### [WHAT YOU ARE ASKED TO DO]
Repeat the entries without change, omitting the pictures.

### [Stored data]
☆ ☆ ☆ ☆ ☆

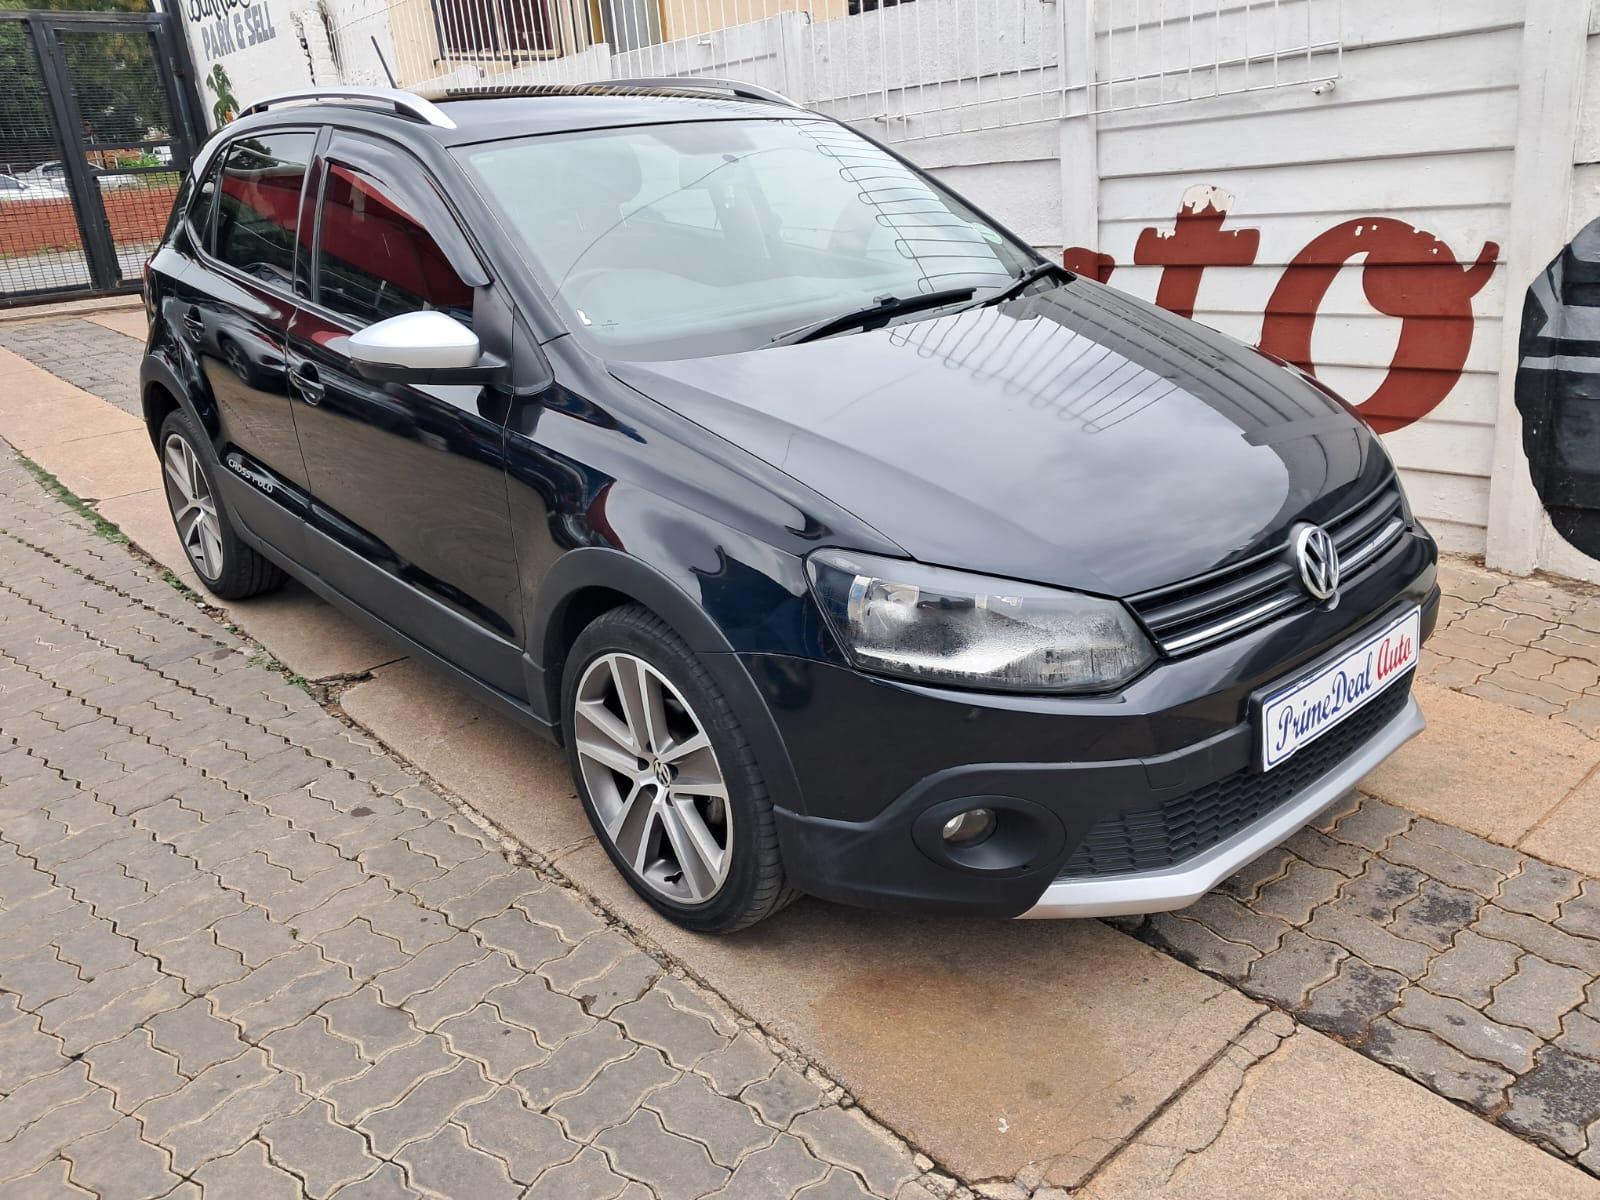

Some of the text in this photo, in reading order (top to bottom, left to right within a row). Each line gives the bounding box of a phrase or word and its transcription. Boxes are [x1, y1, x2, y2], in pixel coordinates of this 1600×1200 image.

[201, 18, 236, 61] PARK
[233, 12, 246, 50] &
[244, 0, 276, 46] SELL
[228, 459, 273, 493] CROSS POLO
[1276, 633, 1412, 751] PrimeDeal Auto
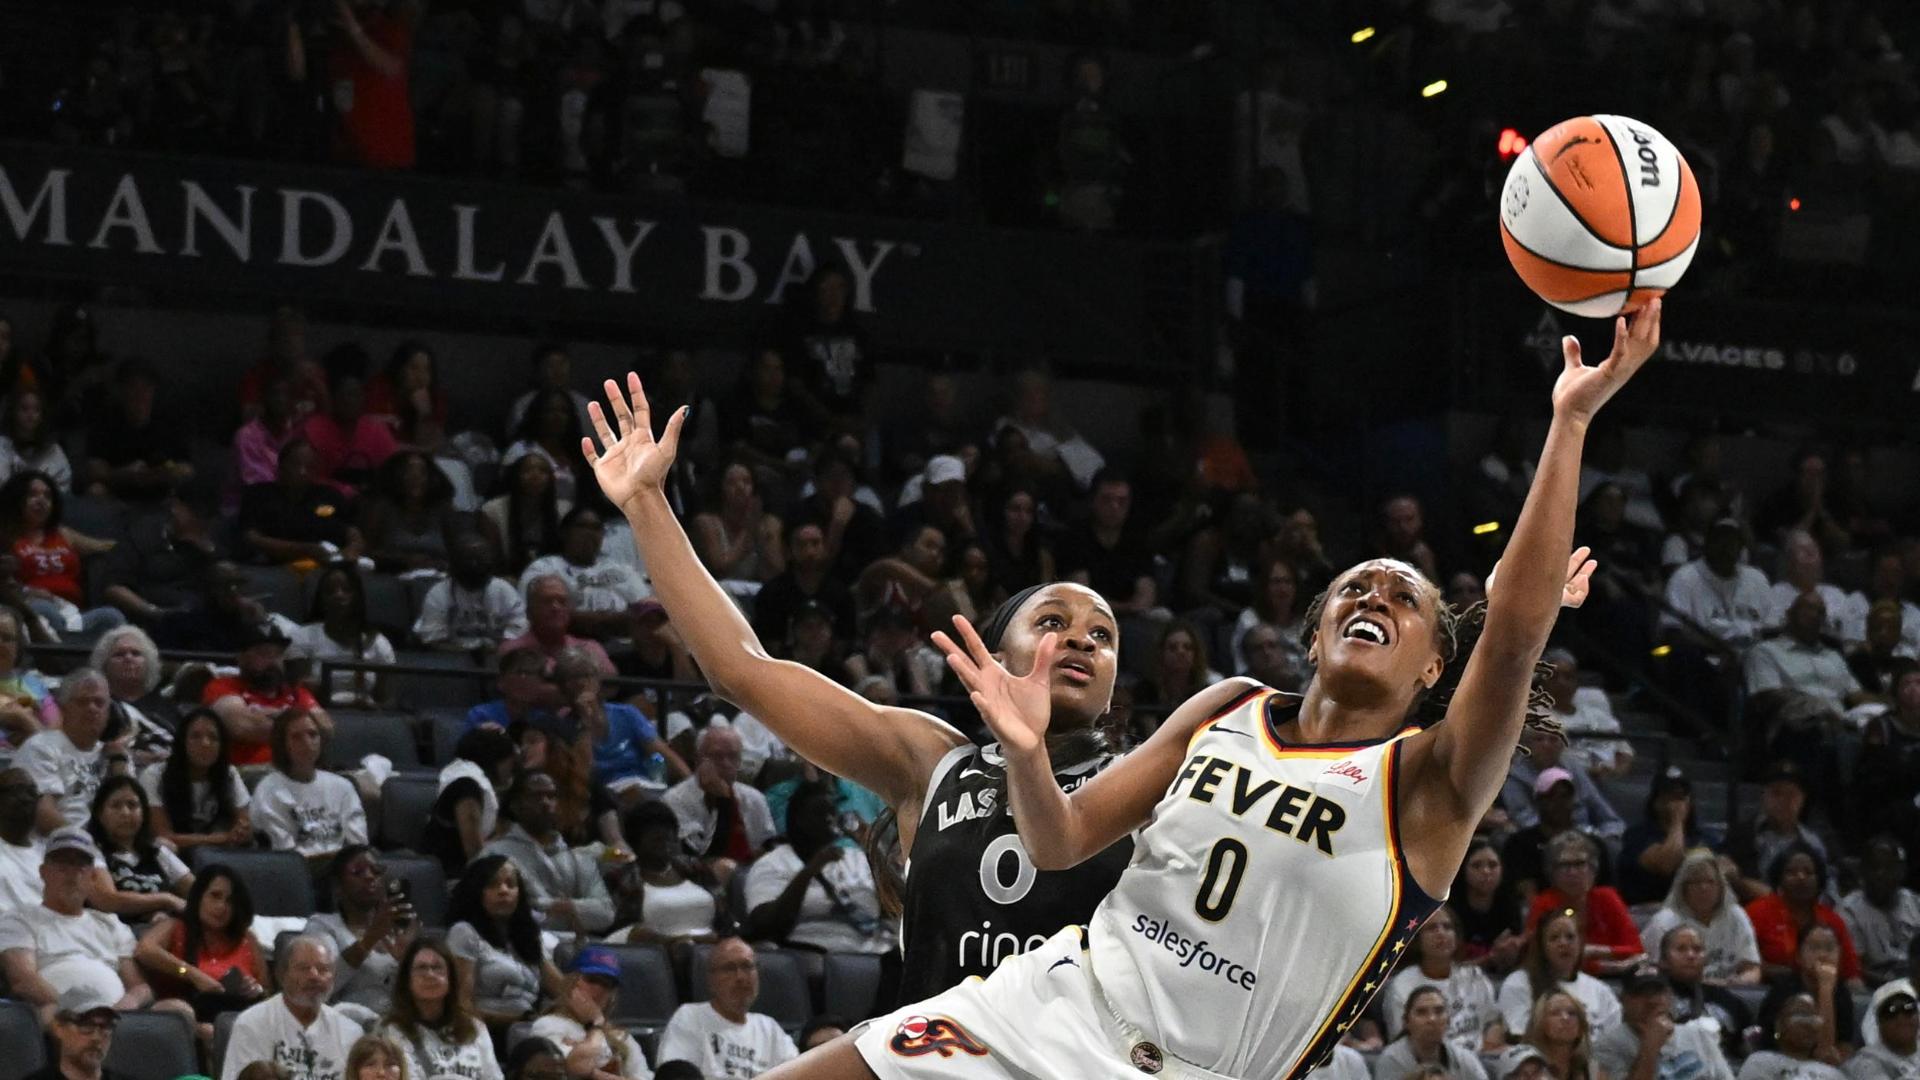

☆ ☆ ☆ ☆ ☆

### [REPLY TO THE EXERCISE]
Some of the text in this photo, in reading order (top to bottom, left to right within a row). Each line gives the bounding box of a phrase or word and its transcription. Boxes are [x1, y1, x2, y2], in pixel coordinates of this 1600×1200 image.

[201, 18, 236, 61] PARK
[233, 12, 246, 50] &
[244, 0, 276, 46] SELL
[228, 459, 273, 493] CROSS POLO
[1276, 633, 1412, 751] PrimeDeal Auto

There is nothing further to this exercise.